Schema riguardante il metodo di chiusura dei vetrini
Figura 9 – Schema riguardante il metodo di chiusura dei vetrini

I vetrini sono adesso pronti per l’osservazione microscopica.

Micrografia

Grazie alle fasi precedentemente descritte, i vetrini, contenenti i campioni di nostro interesse, possono essere finalmente osservati al microscopio ottico.

Fin dall’antichità si è sempre avuta la necessità di conservare o registrare ciò che veniva osservato.

Inizialmente ci si limitava all’osservazione diretta e alla sua descrizione verbale, in seguito, i morfologi, adottarono il disegno come strumento principale per la diffusione delle osservazioni.
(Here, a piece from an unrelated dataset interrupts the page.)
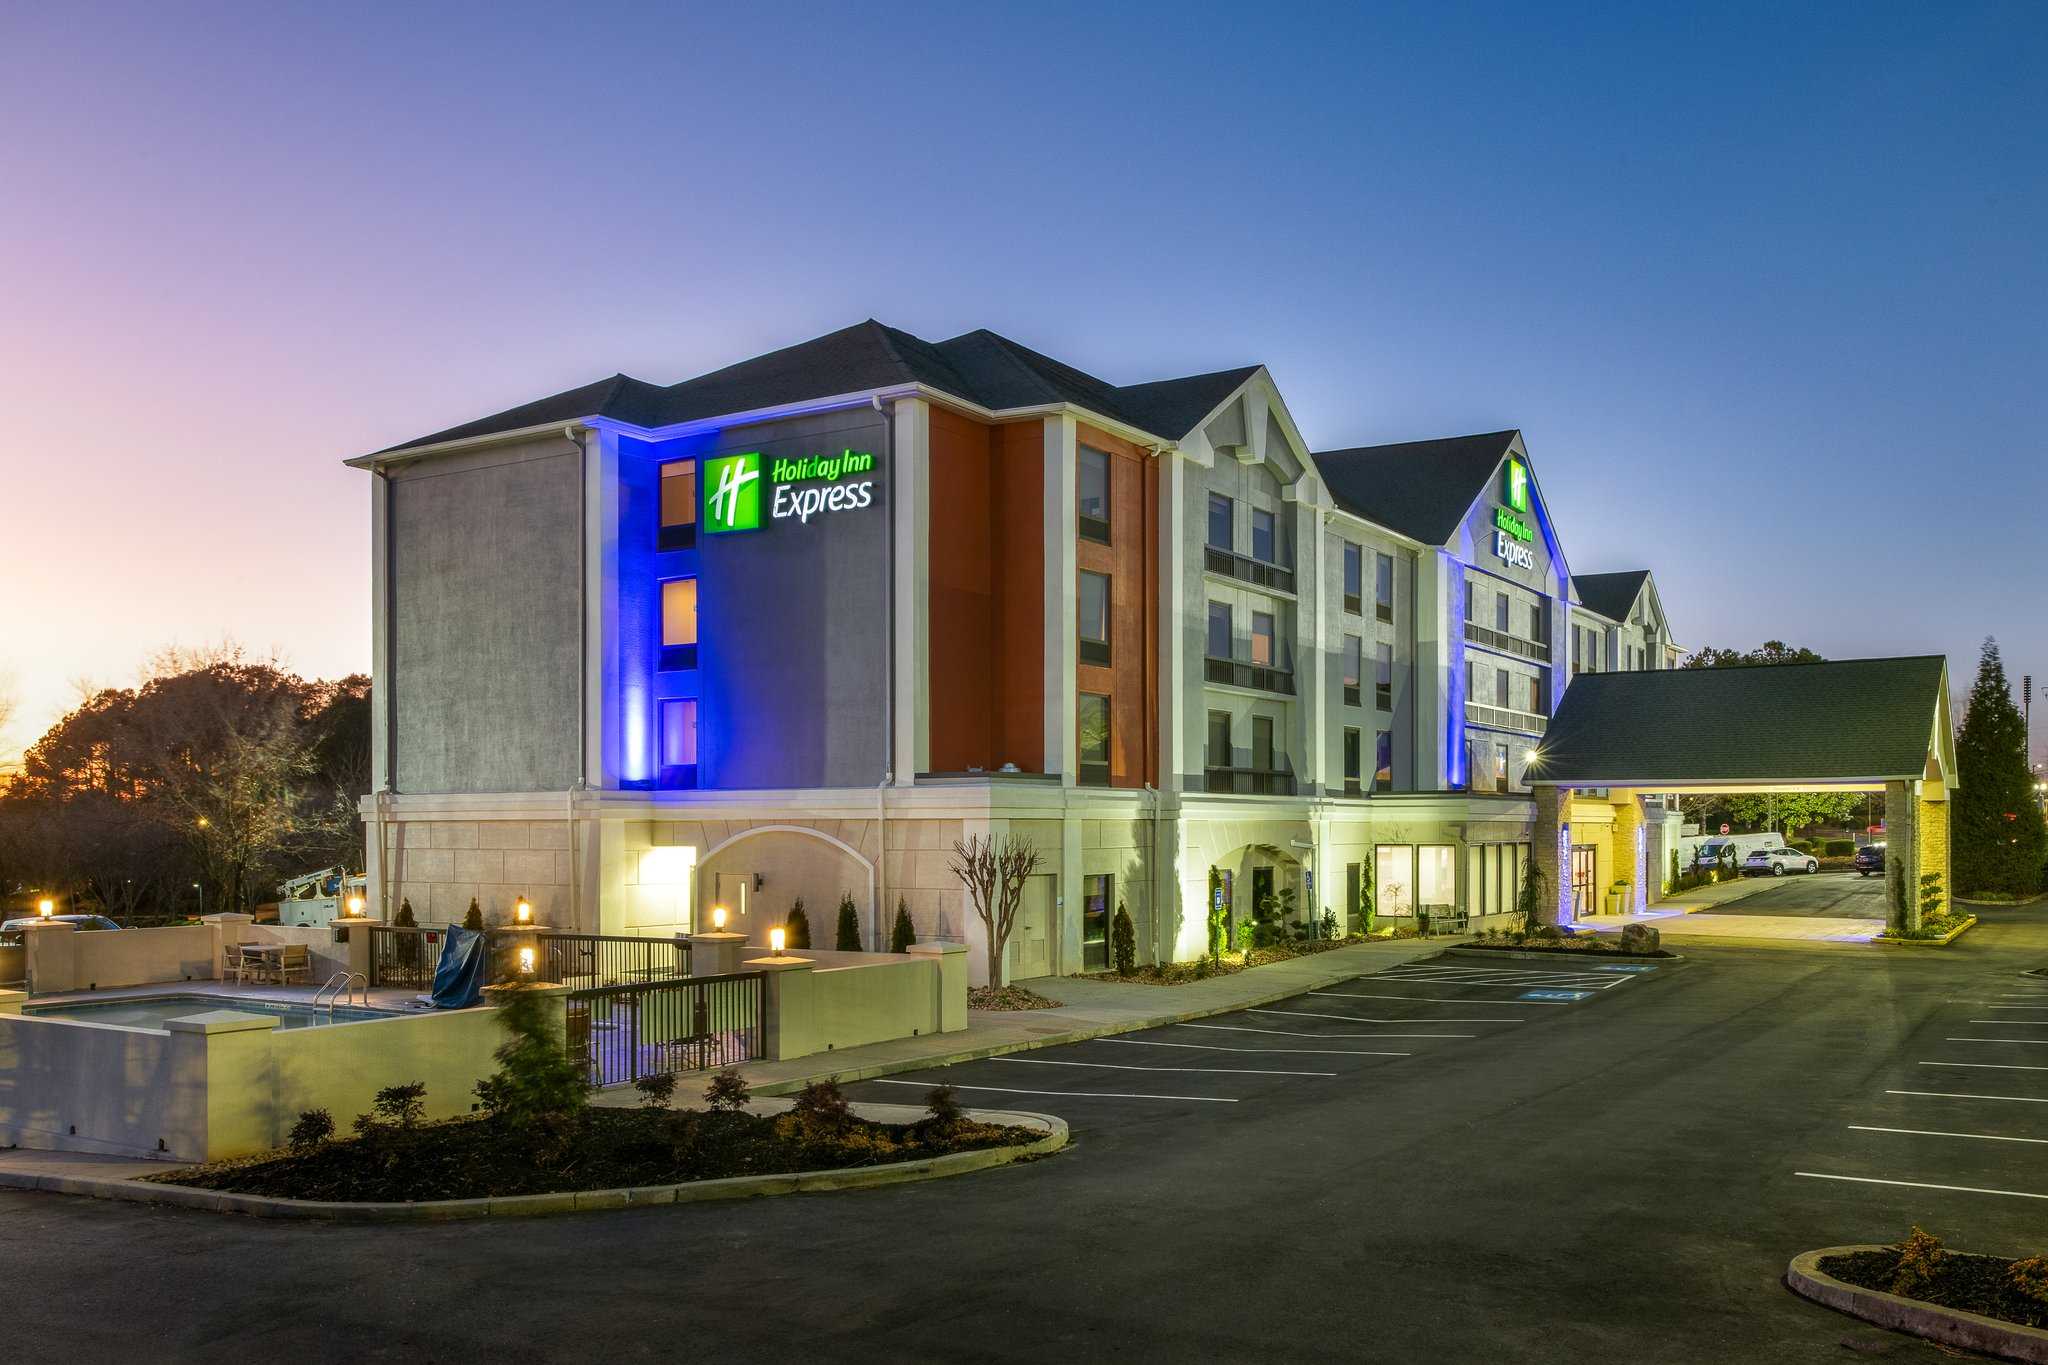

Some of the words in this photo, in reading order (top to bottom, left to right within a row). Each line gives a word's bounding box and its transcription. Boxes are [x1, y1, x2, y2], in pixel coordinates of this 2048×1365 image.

Robert Hooke, fisico, biologo, geologo, architetto e sperimentatore, nel 1665 pubblicò Micrographia.

Micrographia è un’opera, o meglio capolavoro, contenente illustrazioni dettagliate di esemplari osservati ai microscopi progettati da Hooke.
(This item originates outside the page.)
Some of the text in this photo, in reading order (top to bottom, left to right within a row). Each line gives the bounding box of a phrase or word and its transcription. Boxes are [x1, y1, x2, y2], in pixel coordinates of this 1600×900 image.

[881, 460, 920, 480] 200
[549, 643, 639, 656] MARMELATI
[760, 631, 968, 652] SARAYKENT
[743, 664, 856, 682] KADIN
Frontespizio ed alcune illustrazioni contenute in Micrographia
Figura 10 – Frontespizio ed alcune illustrazioni contenute in Micrographia
Video 2 – Visione di alcune pagine di Micrographia

È solo grazie all’avvento della fotografia che la documentazione e la condivisione di osservazioni e scoperte divenne più semplice, soprattutto con l’introduzione di immagini digitali, le quali sono generate per via elettronica e presentano un’alta definizione. Possiamo così parlare di micrografia: fotocamera collegata ad un microscopio che consente la cattura di immagini riguardanti i campioni osservati.

In definitiva, tutti i risultati sperimentali che si ottengono con l’osservazione al microscopio ottico, durante un’indagine scientifica, acquisiscono maggiore rilevanza grazie alla loro facile condivisione.